== TASK INSTRUCTIONS ==
The data below is to be transcribed word for word; pictures are to be excluded.

** RECORDS PROVIDED follows **

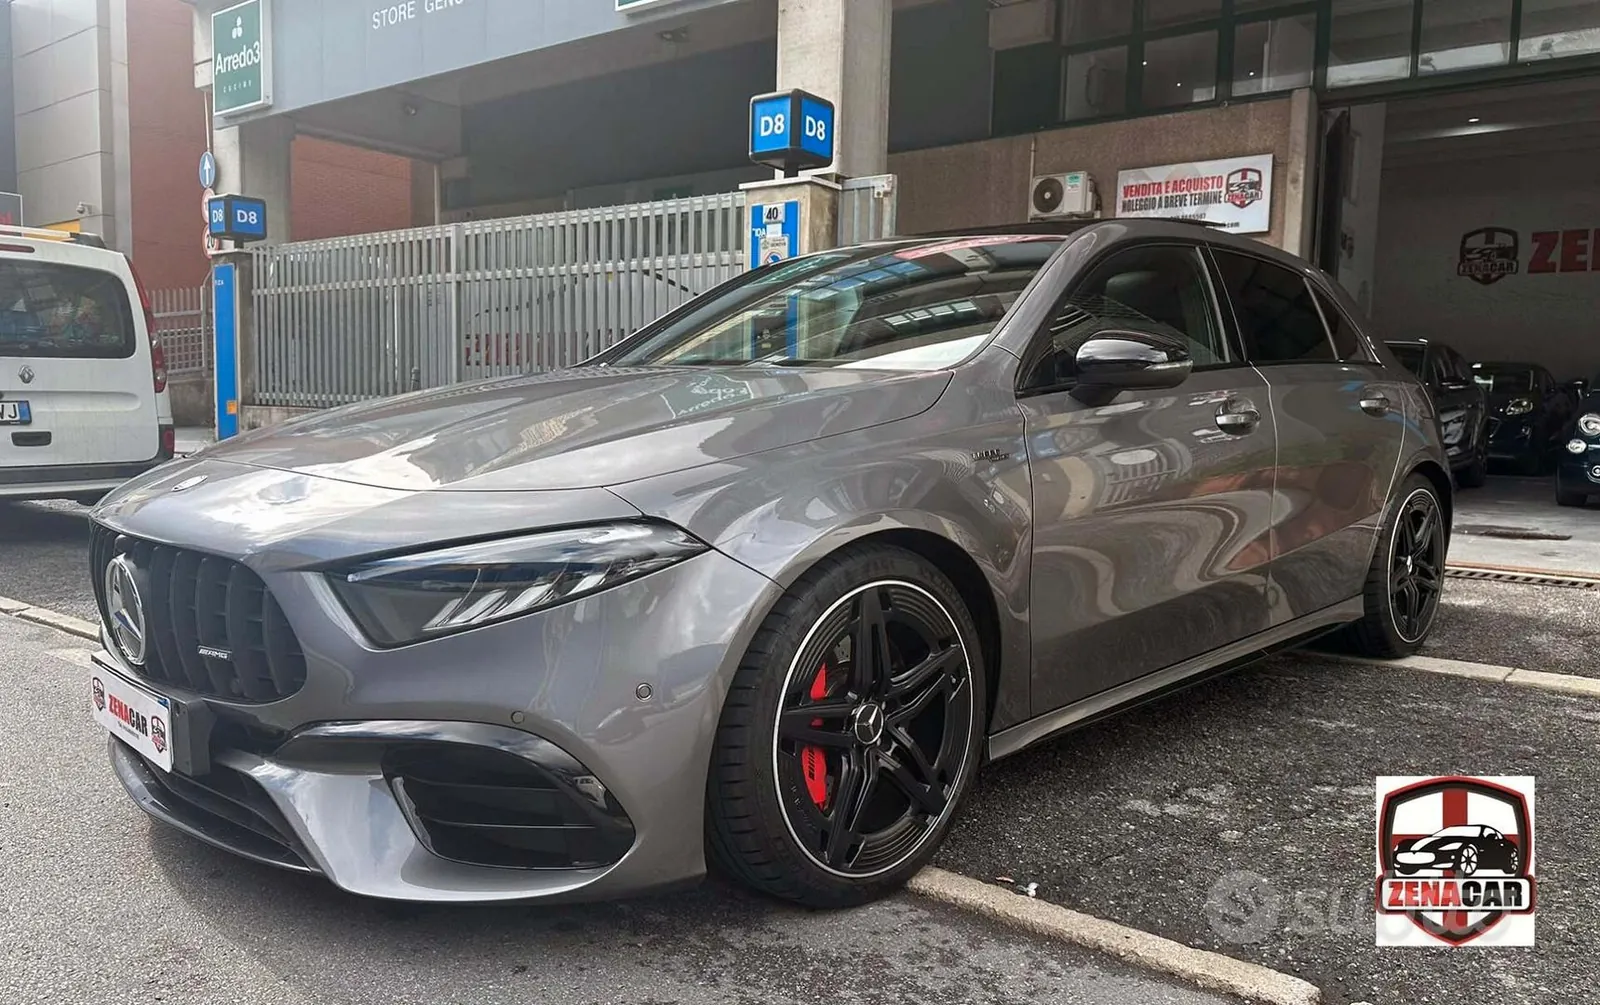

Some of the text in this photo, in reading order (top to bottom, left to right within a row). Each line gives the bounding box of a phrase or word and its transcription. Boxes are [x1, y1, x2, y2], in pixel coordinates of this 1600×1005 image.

[372, 0, 416, 30] STORE
[214, 40, 260, 76] Arredo3
[760, 113, 785, 137] D8
[805, 115, 826, 141] D8
[1123, 175, 1223, 199] VENDITA E ACQUISTO
[766, 207, 779, 220] 40
[1122, 196, 1157, 213] NOLEGGIO
[1164, 193, 1187, 209] BREVE
[1189, 190, 1223, 206] TERMINE
[212, 209, 224, 223] D8
[236, 209, 258, 224] D8
[1527, 228, 1600, 274] ZE
[108, 694, 149, 737] ZENACAR
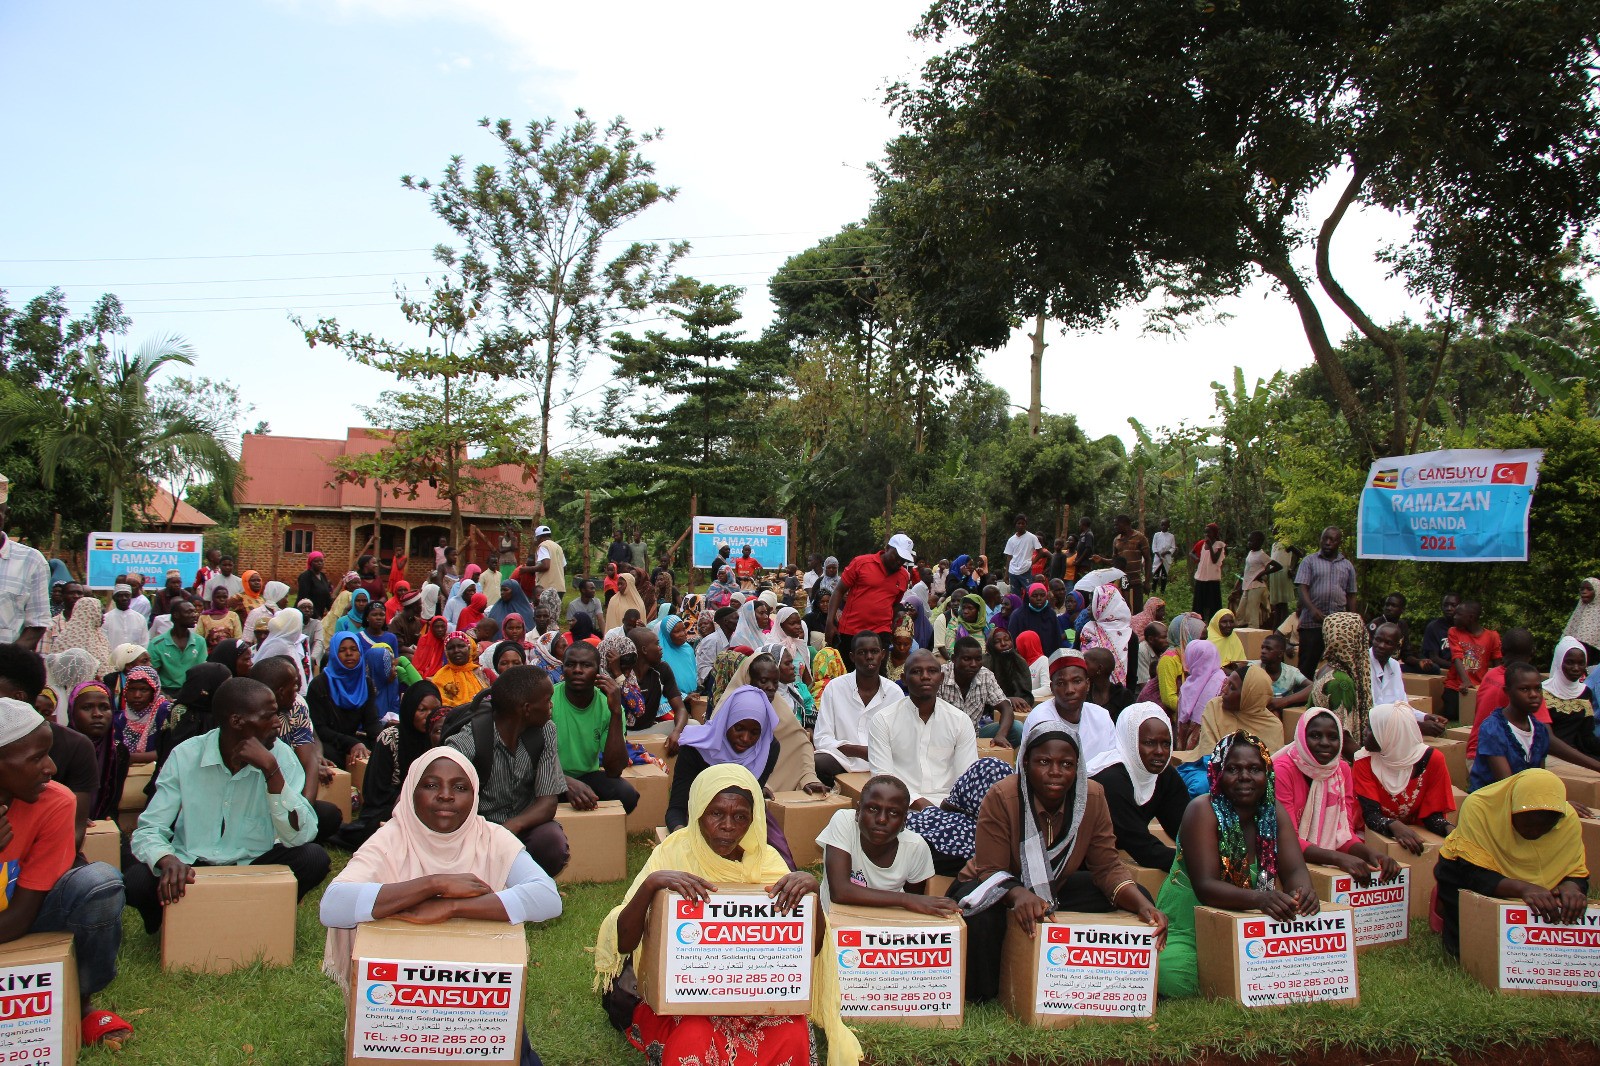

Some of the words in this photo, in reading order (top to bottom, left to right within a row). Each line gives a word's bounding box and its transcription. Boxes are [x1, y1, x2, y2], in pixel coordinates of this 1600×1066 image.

[1419, 467, 1488, 480] CANSUYU
[1392, 491, 1490, 512] RAMAZAN
[1411, 517, 1466, 530] UGANDA
[1421, 536, 1456, 550] 2021
[112, 554, 178, 564] RAMAZAN
[1351, 889, 1403, 905] CANSUYU
[704, 926, 802, 942] CANSUYU
[866, 932, 951, 945] TÜRKİYE
[1074, 929, 1151, 945] TÜRKİYE
[1267, 936, 1344, 954] CANSUYU
[862, 950, 950, 965] CANSUYU
[1070, 950, 1149, 965] CANSUYU
[404, 966, 512, 983] TÜRKİYE
[675, 975, 696, 983] TEL:
[700, 975, 723, 983] +90
[726, 975, 742, 983] 312
[746, 974, 767, 983] 285
[771, 974, 784, 982] 20
[788, 974, 802, 982] 03
[1507, 978, 1600, 988] www.cansuyu.org.
[398, 988, 508, 1005] CANSUYU
[675, 985, 800, 996] www.cansuyu.org.tr
[1248, 986, 1348, 1000] www.cansuyu.org.tr
[1044, 1002, 1145, 1013] www.cansuyu.org.tr
[1, 1027, 50, 1037] rganization
[364, 1032, 388, 1041] TEL:
[392, 1033, 417, 1042] +90
[421, 1035, 439, 1043] 312
[443, 1035, 466, 1043] 285
[10, 1050, 28, 1061] 20
[33, 1047, 50, 1057] 03
[364, 1045, 504, 1056] www.cansuyu.org.tr

** End of RECORDS PROVIDED **

== RESPONSE AREA ==
Some of the text in this photo, in reading order (top to bottom, left to right within a row). Each line gives the bounding box of a phrase or word and its transcription. Boxes are [x1, y1, x2, y2], in pixel coordinates of this 1600×1005 image.

[372, 0, 416, 30] STORE
[214, 40, 260, 76] Arredo3
[760, 113, 785, 137] D8
[805, 115, 826, 141] D8
[1123, 175, 1223, 199] VENDITA E ACQUISTO
[766, 207, 779, 220] 40
[1122, 196, 1157, 213] NOLEGGIO
[1164, 193, 1187, 209] BREVE
[1189, 190, 1223, 206] TERMINE
[212, 209, 224, 223] D8
[236, 209, 258, 224] D8
[1527, 228, 1600, 274] ZE
[108, 694, 149, 737] ZENACAR

Some of the words in this photo, in reading order (top to bottom, left to right within a row). Each line gives a word's bounding box and its transcription. Boxes are [x1, y1, x2, y2], in pixel coordinates of this 1600×1066 image.

[1419, 467, 1488, 480] CANSUYU
[1392, 491, 1490, 512] RAMAZAN
[1411, 517, 1466, 530] UGANDA
[1421, 536, 1456, 550] 2021
[112, 554, 178, 564] RAMAZAN
[1351, 889, 1403, 905] CANSUYU
[704, 926, 802, 942] CANSUYU
[866, 932, 951, 945] TÜRKİYE
[1074, 929, 1151, 945] TÜRKİYE
[1267, 936, 1344, 954] CANSUYU
[862, 950, 950, 965] CANSUYU
[1070, 950, 1149, 965] CANSUYU
[404, 966, 512, 983] TÜRKİYE
[675, 975, 696, 983] TEL:
[700, 975, 723, 983] +90
[726, 975, 742, 983] 312
[746, 974, 767, 983] 285
[771, 974, 784, 982] 20
[788, 974, 802, 982] 03
[1507, 978, 1600, 988] www.cansuyu.org.
[398, 988, 508, 1005] CANSUYU
[675, 985, 800, 996] www.cansuyu.org.tr
[1248, 986, 1348, 1000] www.cansuyu.org.tr
[1044, 1002, 1145, 1013] www.cansuyu.org.tr
[1, 1027, 50, 1037] rganization
[364, 1032, 388, 1041] TEL:
[392, 1033, 417, 1042] +90
[421, 1035, 439, 1043] 312
[443, 1035, 466, 1043] 285
[10, 1050, 28, 1061] 20
[33, 1047, 50, 1057] 03
[364, 1045, 504, 1056] www.cansuyu.org.tr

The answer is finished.